■ **Work task**
Below are some entries. Reproduce them word for word.

[Data supplied Boundary: Start]

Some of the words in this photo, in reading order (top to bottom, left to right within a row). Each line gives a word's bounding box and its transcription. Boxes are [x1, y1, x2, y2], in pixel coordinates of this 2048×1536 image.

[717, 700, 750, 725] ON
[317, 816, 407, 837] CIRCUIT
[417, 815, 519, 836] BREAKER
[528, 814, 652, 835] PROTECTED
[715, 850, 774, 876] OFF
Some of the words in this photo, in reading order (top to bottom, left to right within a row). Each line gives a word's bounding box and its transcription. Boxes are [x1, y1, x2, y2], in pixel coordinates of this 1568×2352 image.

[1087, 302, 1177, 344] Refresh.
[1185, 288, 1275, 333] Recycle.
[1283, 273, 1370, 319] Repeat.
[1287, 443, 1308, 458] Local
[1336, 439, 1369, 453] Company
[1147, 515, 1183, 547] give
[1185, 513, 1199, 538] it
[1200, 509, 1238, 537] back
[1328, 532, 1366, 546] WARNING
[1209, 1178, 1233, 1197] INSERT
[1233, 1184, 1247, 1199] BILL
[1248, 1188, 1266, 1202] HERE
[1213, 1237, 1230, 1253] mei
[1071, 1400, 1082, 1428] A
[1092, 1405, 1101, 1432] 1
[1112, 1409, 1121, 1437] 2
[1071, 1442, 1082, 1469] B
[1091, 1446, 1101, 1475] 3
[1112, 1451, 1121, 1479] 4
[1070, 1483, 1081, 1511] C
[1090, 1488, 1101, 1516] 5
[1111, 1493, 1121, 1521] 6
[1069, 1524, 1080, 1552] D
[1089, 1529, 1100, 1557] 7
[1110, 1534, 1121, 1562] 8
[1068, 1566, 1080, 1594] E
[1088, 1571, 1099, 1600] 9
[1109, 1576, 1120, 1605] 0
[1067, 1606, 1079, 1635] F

[Data supplied Boundary: End]

■ **Finished exercise**
Some of the words in this photo, in reading order (top to bottom, left to right within a row). Each line gives a word's bounding box and its transcription. Boxes are [x1, y1, x2, y2], in pixel coordinates of this 2048×1536 image.

[717, 700, 750, 725] ON
[317, 816, 407, 837] CIRCUIT
[417, 815, 519, 836] BREAKER
[528, 814, 652, 835] PROTECTED
[715, 850, 774, 876] OFF
Some of the words in this photo, in reading order (top to bottom, left to right within a row). Each line gives a word's bounding box and its transcription. Boxes are [x1, y1, x2, y2], in pixel coordinates of this 1568×2352 image.

[1087, 302, 1177, 344] Refresh.
[1185, 288, 1275, 333] Recycle.
[1283, 273, 1370, 319] Repeat.
[1287, 443, 1308, 458] Local
[1336, 439, 1369, 453] Company
[1147, 515, 1183, 547] give
[1185, 513, 1199, 538] it
[1200, 509, 1238, 537] back
[1328, 532, 1366, 546] WARNING
[1209, 1178, 1233, 1197] INSERT
[1233, 1184, 1247, 1199] BILL
[1248, 1188, 1266, 1202] HERE
[1213, 1237, 1230, 1253] mei
[1071, 1400, 1082, 1428] A
[1092, 1405, 1101, 1432] 1
[1112, 1409, 1121, 1437] 2
[1071, 1442, 1082, 1469] B
[1091, 1446, 1101, 1475] 3
[1112, 1451, 1121, 1479] 4
[1070, 1483, 1081, 1511] C
[1090, 1488, 1101, 1516] 5
[1111, 1493, 1121, 1521] 6
[1069, 1524, 1080, 1552] D
[1089, 1529, 1100, 1557] 7
[1110, 1534, 1121, 1562] 8
[1068, 1566, 1080, 1594] E
[1088, 1571, 1099, 1600] 9
[1109, 1576, 1120, 1605] 0
[1067, 1606, 1079, 1635] F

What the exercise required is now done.